Abstract:
Thrombosis leads to elevated mortality rates and substantial medical expenses worldwide. Human factor IXa (HFIXa) protease is pivotal in tissue factor (TF)-mediated thrombin generation, and represents a promising target for anticoagulant therapy. We herein isolated novel DNA aptamers that specifically bind to HFIXa through systematic evolution of ligands by exponential enrichment (SELEX) method.

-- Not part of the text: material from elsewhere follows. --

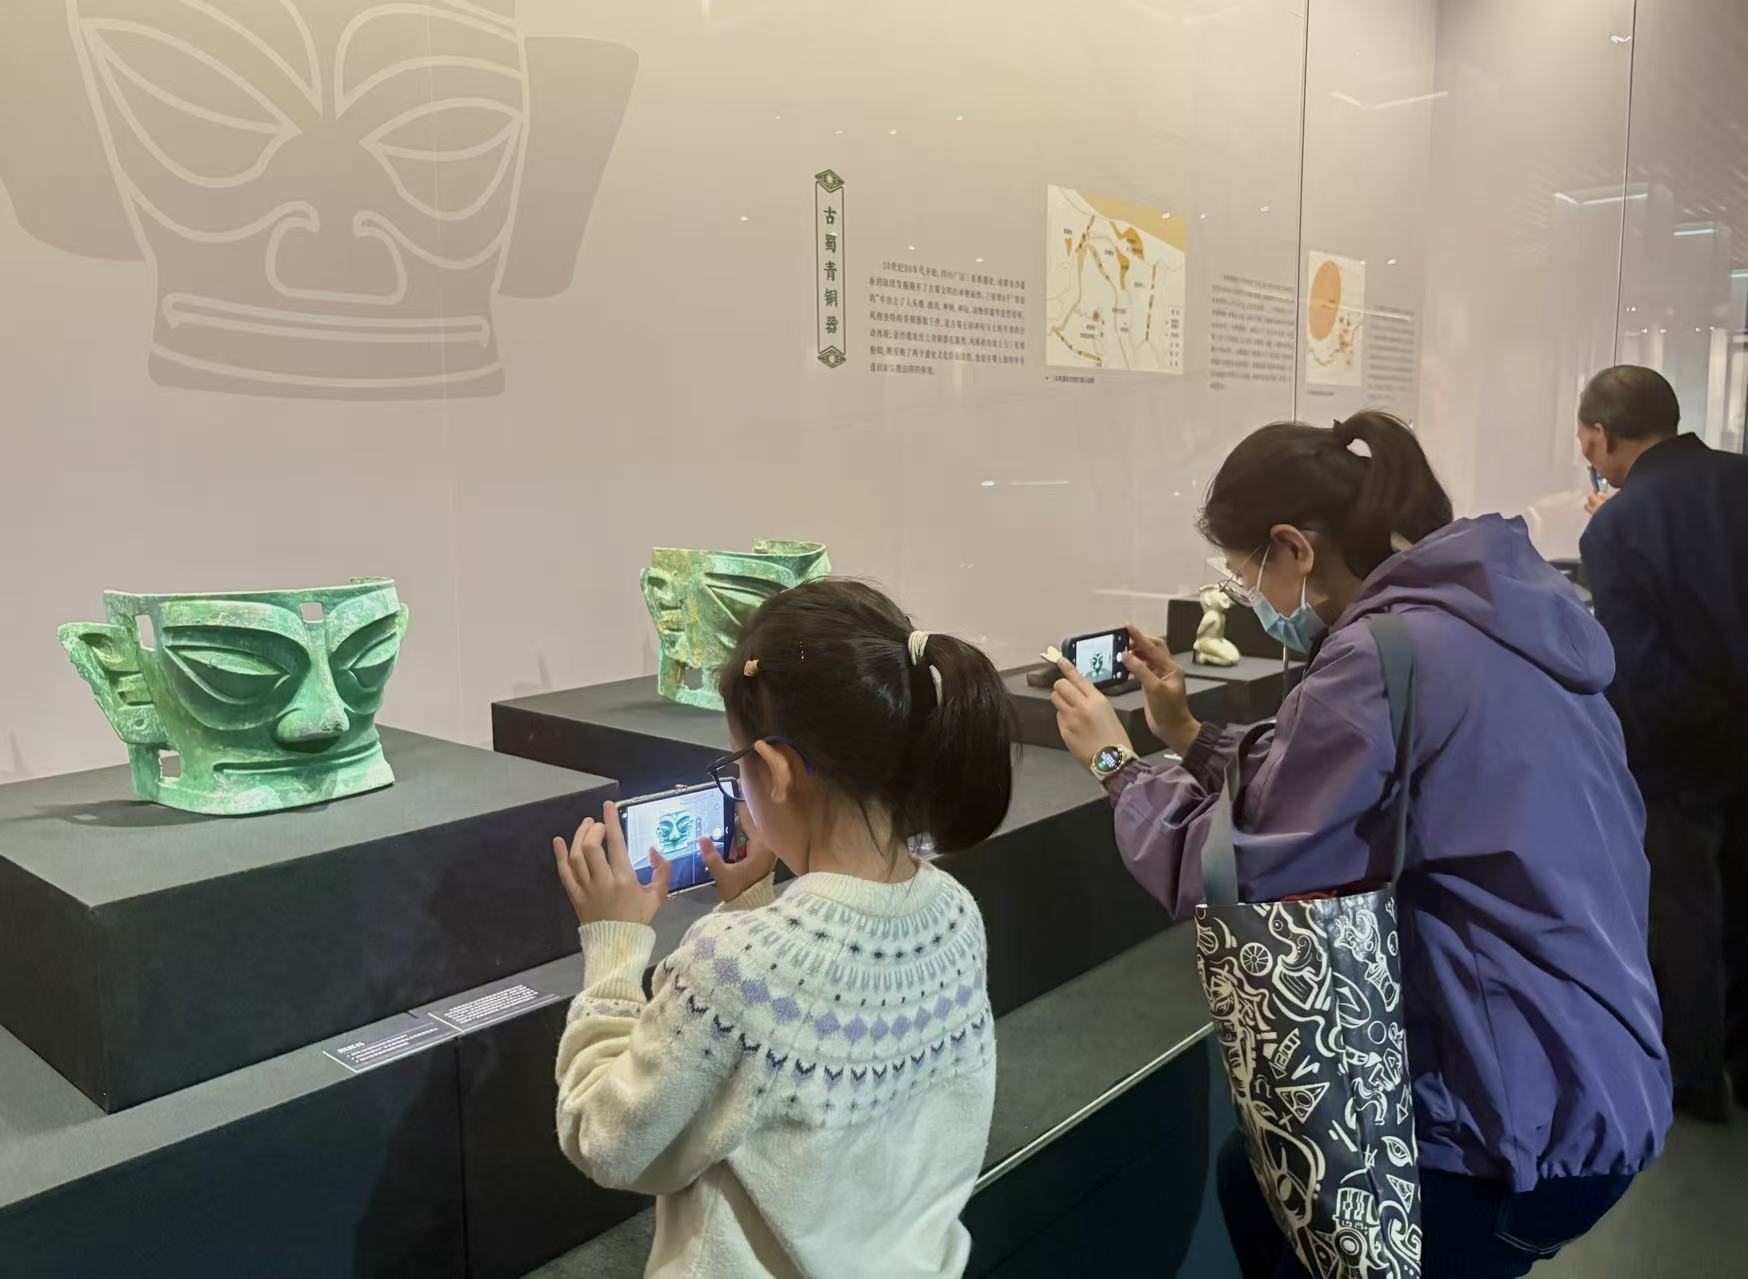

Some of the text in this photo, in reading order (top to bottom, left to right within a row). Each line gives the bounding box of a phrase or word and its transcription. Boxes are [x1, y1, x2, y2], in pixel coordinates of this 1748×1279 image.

[823, 205, 839, 334] 古蜀青铜器

We identified two distinct aptamers, seq 5 and seq 11, which demonstrated high binding affinity to HFIXa (Kd = 74.07 ± 2.53 nM, and 4.93 ± 0.15 nM, respectively). Computer software was used for conformational simulation and kinetic analysis of DNA aptamers and HFIXa binding. These aptamers dose-dependently prolonged activated partial thromboplastin time (aPTT) in plasma. We further rationally optimized the aptamers by truncation and site-directed mutation, and generated the truncated forms (Seq 5-1t, Seq 11-1t) and truncated-mutated forms (Seq 5-2tm, Seq 11-2tm). They also showed good anticoagulant effects. The rationally and structurally designed antidotes (seq 5-2b and seq 11-2b) were competitively bound to the DNA aptamers and effectively reversed the anticoagulant effect. This strategy provides DNA aptamer drug-antidote pair with effective anticoagulation and rapid reversal, developing advanced therapies by safe, regulatable aptamer drug-antidote pair.
摘要:
血栓形成导致全球死亡率升高和大量医疗费用。人因子IXa(HFIXa)蛋白酶在组织因子(TF)介导的凝血酶生成中至关重要,并代表了抗凝治疗的一个有希望的目标。我们在本文中通过指数富集(SELEX)方法通过配体的系统进化分离特异性结合HFIXa的新型DNA适体。我们鉴定了两种不同的适体,seq5和seq11,显示对HFIXa的高结合亲和力(Kd=74.07±2.53nM,和4.93±0.15nM,分别)。计算机软件用于DNA适体和HFIXa结合的构象模拟和动力学分析。这些适体剂量依赖性地延长血浆中活化的部分凝血活酶时间(aPTT)。我们通过截短和定点突变进一步合理优化了适体,并生成了截断的形式(Seq5-1t,Seq11-1t)和截短的突变形式(Seq5-2tm,Seq11-2tm)。它们还显示出良好的抗凝血作用。合理和结构设计的解毒剂(seq5-2b和seq11-2b)竞争性地结合到DNA适体上,并有效地逆转了抗凝血作用。这种策略提供了DNA适体药物-解毒剂对有效抗凝和快速逆转,通过安全开发先进的疗法,可调节的适体药物-解毒剂对。